Un lugar donde un hombre de Florida (Uruguay), la capital de la Piedra Alta, cuenta de todo un poco, sobre su pueblo, su vida, sus viajes, su familia y más que nada, sobre su Florida natal. Tambien mucho sobre mi querido Camino de Santiago.



Tuesday, April 2, 2019

Y dale con los bajo cero.


La mañana despierta otra vez con temperaturas invernales, me levanto antes que salga el sol, con ganas de hacer kilómetros, que me acerquen físicamente al estado que debo tener para enfrentar el Camino que se me acerca a pasos agigantados, faltan 23 días.

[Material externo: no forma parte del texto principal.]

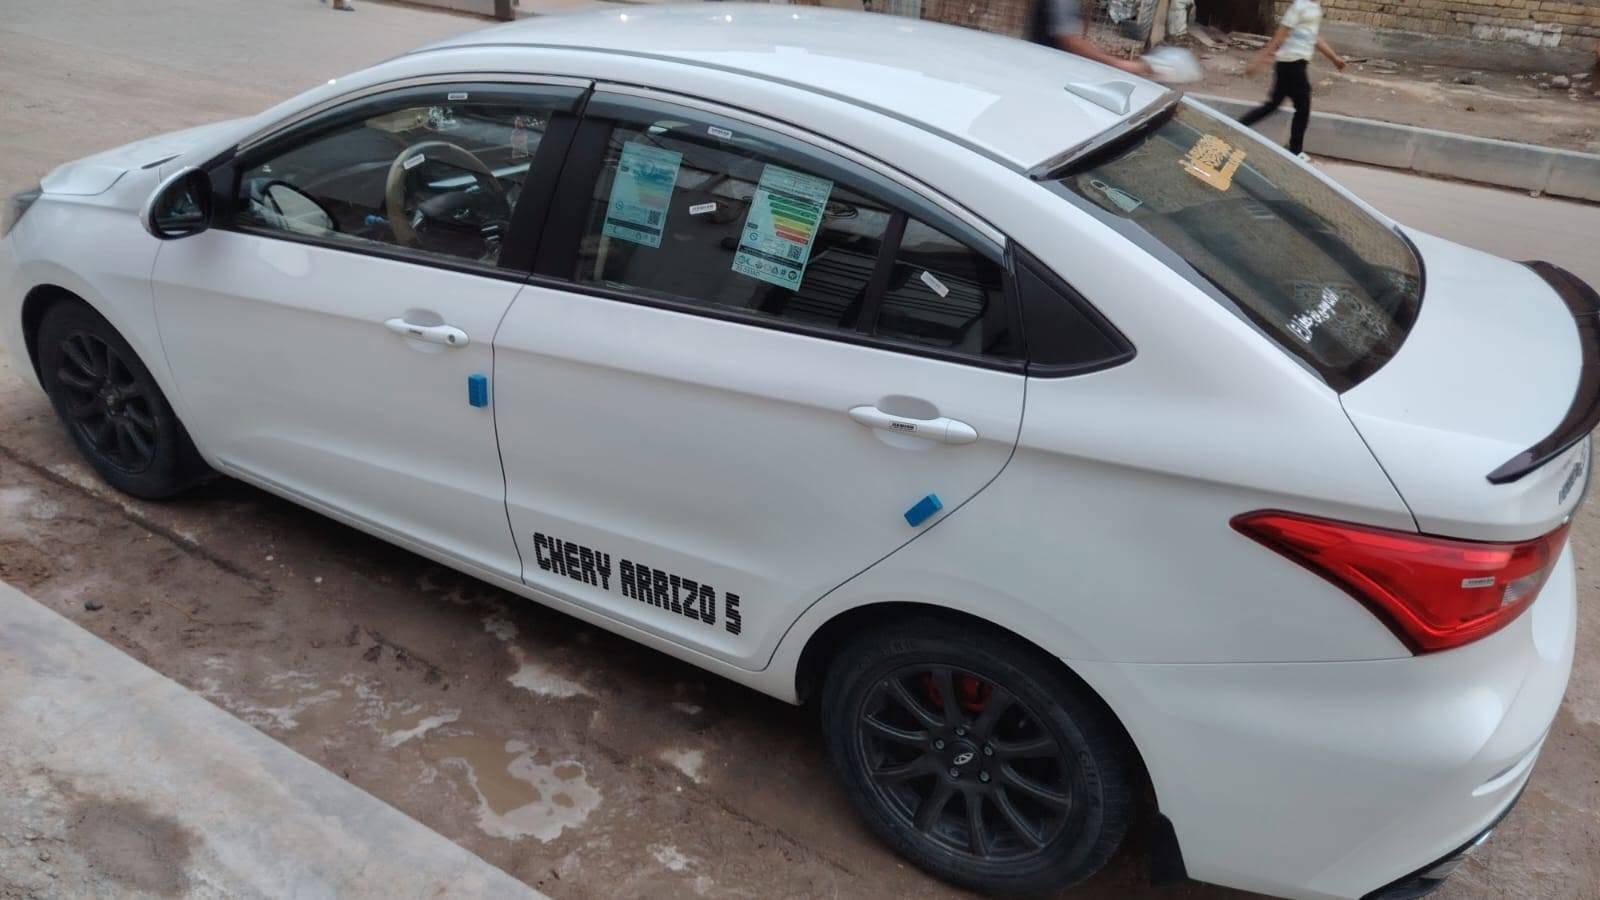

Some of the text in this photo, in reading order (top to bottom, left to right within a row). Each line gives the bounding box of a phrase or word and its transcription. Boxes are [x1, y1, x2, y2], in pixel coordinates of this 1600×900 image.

[533, 532, 742, 635] CHERY ARRIZO 5

La mochila, ya pronta para el viaje, espera en un rincón del dormitorio, las botas con señas de barro de ayer, atrás de la puerta de la entrada, parece que se quieren ir solas. Miro por la ventana, nublado, un poco de viento, todavía hay hielo en las aceras, los pastos cubiertos de nieve y hielo parecen no tener ganas de empezar a verdear.

Pero nobleza obliga, tengo que salir, aunque no me sobren ganas. Me abrigo adecuadamente, me cuelgo la mochila y al pasar recojo las botas que se sonríen al sentirse necesitadas. Pronto y decidido, me dirijo a la calle, no hay mas remedio que mantenerse entrenado porque la edad, a veces me dice que me quede y me olvide de hacer caminos.


Para llegar al lugar planeado para hoy, recorro 5 kilómetros de ciudad junto a una calle de muchísimo tránsito, cuando todo se detiene en los semáforos, el olor a gas y humo invade mis pulmones, pero sé que después de este trayecto, me espera un hermoso sendero por parque y con unas ondulaciones exigentes que me ayudaran para el futuro próximo. 

Por aqui estaba el coyote, se me escondio mientras preparaba el telefono.
Encuentro el sendero dormido, solo, unos patos en el arroyuelo rompen hielo con el pico, a lo lejos a media altura sobrevuelan unos pájaros de rapiña y un coyote gordo, se va acercando lentamente a una carcasa de conejo que yace en medio de un descampado a unos 20 metros del sendero.

Bien abrigado, con mochila a la espalda y pararaguas, por las dudas.
Saco el paraguas que llevo cruzado en la mochila para hacer un poco de ruido sobre los arbustos para asustar al coyote. Estos animales que parecen tan amenazantes nos tienen más miedo a los humanos que nosotros a ellos, lo veo alejarse como remolineando y quedarse detrás de unos arbustos, no muy lejos del almuerzo que desea. Me da tiempo a seguir tranquilo y sin tener que mirar para atrás, el tiene en que ocuparse.

Los colores del paisaje son marrones y ocres, en cierto tipo de vegetación, los brotes parecen que están haciendo fuerza para salir, en pocos días, todo esto será verde y me recordará de los montes de Navarra.

Subo y bajo varias pendientes, por puentes de madera cruzo el rio tres veces, el viento frio me quema la cara, pero a pesar de eso esta muy agradable. Camino hasta un pueblito que se llama Kleinburg y cuando me dispongo a volver sobre mis pasos, una llamada de mi hija me cambia el rumbo y camino hacia su casa que esta a unos 4 kilómetros de donde me encuentro.

En muchos lugares el hielo todavia le gana a la primavera.
La vuelta a mi hogar fue en auto, ya que después de ayudar a Anahí con unas tareas, no me deja hacer los 7 kilómetros que me faltaban. En total una ruta de unos 16 km., con la mochila cargada y sin sentir el esfuerzo, en síntesis, un día productivo.